Soll „America“, der zwölfminutige Album-Closer und die A-Seite der (auf Vinyl bereits vor der Veröffentlichung ausverkauften) eponymen E.P. für die kommende Platte stilistisch ausschlaggebend sein, würde dies nach „Carrie & Lowell“ die Rückbesinnung auf Sufjans experimentellere Seite, die er auf „The Age of Adz“ zur Schau stellte, bedeuten. Der Track erinnert zunächst in seiner Mischung aus klassischem Singer-Songwriter-Elementen (die Melodieführung) und elektronischen Elementen (die Synthies, die Beats) an einzelne nach „Carrie & Lowell“ veröffentlichte Songs wie „Tonya Harding“ oder „Exploding Whale“ – wenn nach fünf Minuten dann aber ein instrumentaler Part beginnt, über den sich der eingängige Chorus „Don’t do to me what you did to America“ legt, fühlt man sich an die experimentelle Seite von „Aporia“, an Sufjans „Planetarium“-Zusammenarbeit und an „Impossible Soul“, den 26-minütigen Closer von „The Age of Adz“ erinnert.

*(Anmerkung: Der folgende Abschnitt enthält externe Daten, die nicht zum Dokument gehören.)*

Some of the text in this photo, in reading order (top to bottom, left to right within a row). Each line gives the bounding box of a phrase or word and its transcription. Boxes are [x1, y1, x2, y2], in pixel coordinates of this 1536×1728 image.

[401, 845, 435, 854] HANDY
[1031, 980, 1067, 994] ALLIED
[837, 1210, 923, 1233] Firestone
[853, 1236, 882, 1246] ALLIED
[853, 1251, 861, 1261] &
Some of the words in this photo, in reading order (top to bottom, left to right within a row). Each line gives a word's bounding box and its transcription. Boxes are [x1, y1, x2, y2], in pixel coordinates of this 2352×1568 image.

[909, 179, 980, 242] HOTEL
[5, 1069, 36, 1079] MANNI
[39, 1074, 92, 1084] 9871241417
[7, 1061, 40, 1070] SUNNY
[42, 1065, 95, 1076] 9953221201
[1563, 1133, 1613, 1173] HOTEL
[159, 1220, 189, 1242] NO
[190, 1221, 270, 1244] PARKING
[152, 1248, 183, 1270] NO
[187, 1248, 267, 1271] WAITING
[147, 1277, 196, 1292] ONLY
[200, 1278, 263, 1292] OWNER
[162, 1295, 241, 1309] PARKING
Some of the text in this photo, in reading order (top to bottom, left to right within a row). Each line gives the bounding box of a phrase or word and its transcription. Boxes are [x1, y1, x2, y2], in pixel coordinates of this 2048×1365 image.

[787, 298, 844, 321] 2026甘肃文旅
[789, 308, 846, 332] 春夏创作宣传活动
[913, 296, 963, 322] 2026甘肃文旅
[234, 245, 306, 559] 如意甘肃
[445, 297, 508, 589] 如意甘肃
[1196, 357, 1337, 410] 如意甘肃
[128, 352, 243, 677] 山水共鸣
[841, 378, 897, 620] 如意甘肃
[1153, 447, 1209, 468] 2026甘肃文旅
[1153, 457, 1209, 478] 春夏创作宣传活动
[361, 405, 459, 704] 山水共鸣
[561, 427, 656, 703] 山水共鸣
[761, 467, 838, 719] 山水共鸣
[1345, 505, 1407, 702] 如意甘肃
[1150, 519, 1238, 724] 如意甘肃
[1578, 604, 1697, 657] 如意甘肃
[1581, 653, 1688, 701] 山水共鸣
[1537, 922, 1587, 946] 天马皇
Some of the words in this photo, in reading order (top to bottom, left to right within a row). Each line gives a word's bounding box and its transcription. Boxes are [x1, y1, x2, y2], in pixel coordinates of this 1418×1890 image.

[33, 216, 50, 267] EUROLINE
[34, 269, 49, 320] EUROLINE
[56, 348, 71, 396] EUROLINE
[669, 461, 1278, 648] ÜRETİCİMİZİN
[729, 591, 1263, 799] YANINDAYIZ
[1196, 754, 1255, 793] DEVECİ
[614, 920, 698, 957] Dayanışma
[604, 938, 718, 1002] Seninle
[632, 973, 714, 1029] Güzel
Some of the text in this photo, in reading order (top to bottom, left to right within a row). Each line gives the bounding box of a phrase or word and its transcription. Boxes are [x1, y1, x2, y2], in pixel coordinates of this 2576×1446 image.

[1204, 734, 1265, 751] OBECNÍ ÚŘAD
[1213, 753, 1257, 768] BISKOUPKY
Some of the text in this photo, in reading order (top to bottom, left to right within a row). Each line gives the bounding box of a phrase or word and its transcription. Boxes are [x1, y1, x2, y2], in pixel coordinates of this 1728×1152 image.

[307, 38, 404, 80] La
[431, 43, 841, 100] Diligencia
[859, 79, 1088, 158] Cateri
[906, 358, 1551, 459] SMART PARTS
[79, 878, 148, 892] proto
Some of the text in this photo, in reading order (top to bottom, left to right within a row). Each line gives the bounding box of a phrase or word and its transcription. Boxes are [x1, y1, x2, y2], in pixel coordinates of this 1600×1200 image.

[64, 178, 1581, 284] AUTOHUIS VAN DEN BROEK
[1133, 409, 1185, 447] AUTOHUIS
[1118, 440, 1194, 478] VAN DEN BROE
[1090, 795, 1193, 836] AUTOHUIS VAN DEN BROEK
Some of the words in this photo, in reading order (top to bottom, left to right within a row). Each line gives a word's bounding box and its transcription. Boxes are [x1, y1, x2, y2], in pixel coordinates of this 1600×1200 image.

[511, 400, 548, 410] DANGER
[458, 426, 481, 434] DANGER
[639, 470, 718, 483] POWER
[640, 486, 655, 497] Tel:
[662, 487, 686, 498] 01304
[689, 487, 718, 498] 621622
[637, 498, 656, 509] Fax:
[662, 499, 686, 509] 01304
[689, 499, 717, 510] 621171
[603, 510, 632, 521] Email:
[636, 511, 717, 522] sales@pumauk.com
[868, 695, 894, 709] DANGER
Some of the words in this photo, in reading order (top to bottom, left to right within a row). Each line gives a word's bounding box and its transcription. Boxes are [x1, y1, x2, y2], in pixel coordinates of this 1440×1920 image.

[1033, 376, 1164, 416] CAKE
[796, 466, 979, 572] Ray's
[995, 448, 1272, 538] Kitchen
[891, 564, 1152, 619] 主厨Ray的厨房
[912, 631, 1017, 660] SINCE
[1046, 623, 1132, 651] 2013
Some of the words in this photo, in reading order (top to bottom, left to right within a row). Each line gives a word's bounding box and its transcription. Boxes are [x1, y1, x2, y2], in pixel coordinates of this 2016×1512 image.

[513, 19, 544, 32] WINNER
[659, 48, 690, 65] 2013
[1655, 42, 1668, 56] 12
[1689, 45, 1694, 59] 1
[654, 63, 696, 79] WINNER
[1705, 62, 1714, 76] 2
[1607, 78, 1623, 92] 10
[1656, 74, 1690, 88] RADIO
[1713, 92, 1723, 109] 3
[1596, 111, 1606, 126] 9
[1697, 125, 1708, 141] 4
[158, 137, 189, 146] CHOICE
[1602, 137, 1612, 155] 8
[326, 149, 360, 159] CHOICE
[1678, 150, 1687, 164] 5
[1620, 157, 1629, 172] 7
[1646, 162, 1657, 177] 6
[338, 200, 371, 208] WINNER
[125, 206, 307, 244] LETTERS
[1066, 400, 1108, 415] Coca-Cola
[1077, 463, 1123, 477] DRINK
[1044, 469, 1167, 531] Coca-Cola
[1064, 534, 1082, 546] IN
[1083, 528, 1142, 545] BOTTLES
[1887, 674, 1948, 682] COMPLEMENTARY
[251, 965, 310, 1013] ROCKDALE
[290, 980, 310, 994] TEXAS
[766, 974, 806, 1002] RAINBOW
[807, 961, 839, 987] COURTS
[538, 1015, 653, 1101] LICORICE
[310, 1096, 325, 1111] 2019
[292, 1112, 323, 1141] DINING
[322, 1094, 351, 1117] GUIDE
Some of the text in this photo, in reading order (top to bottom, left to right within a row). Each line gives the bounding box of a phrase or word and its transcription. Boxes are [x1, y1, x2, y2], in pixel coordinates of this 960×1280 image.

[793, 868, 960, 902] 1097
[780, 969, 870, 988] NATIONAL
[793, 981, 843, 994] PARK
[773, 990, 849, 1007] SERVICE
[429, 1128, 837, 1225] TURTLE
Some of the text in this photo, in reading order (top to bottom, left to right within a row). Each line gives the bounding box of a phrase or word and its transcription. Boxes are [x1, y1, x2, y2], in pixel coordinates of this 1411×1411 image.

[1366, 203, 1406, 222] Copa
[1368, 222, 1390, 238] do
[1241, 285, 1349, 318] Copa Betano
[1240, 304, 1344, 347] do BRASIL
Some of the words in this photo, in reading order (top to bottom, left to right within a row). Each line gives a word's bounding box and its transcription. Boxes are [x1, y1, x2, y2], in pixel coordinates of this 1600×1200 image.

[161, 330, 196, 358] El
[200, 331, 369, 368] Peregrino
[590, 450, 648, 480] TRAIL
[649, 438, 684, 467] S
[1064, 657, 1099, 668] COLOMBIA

Wenn der Song nach einer dicht orchestrierten Kakofonie zur Ruhe findet und die letzten beiden Minuten mit einem melancholischen Klavierpart und schönen Background-Vocals ausklingen, ahnt man bereits, dass Stevens neue Platte den Höhepunkt eines wegen der Pandemie bisher kulturell tristen Jahres darstellen könnte.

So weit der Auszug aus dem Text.